Transcribe every record exactly.
═══ RECORDS SHOWN ═══
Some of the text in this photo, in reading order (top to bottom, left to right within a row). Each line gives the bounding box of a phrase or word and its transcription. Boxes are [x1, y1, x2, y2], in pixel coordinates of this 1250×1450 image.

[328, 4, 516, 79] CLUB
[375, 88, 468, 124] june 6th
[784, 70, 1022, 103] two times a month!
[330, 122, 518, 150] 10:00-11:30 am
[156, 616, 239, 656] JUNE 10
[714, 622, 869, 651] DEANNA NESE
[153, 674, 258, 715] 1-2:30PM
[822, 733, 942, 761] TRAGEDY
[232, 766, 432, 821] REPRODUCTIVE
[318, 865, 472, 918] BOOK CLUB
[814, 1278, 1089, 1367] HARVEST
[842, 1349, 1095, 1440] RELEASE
═══
§ RESULT FOR THIS TASK
Some of the text in this photo, in reading order (top to bottom, left to right within a row). Each line gives the bounding box of a phrase or word and its transcription. Boxes are [x1, y1, x2, y2], in pixel coordinates of this 1250×1450 image.

[328, 4, 516, 79] CLUB
[375, 88, 468, 124] june 6th
[784, 70, 1022, 103] two times a month!
[330, 122, 518, 150] 10:00-11:30 am
[156, 616, 239, 656] JUNE 10
[714, 622, 869, 651] DEANNA NESE
[153, 674, 258, 715] 1-2:30PM
[822, 733, 942, 761] TRAGEDY
[232, 766, 432, 821] REPRODUCTIVE
[318, 865, 472, 918] BOOK CLUB
[814, 1278, 1089, 1367] HARVEST
[842, 1349, 1095, 1440] RELEASE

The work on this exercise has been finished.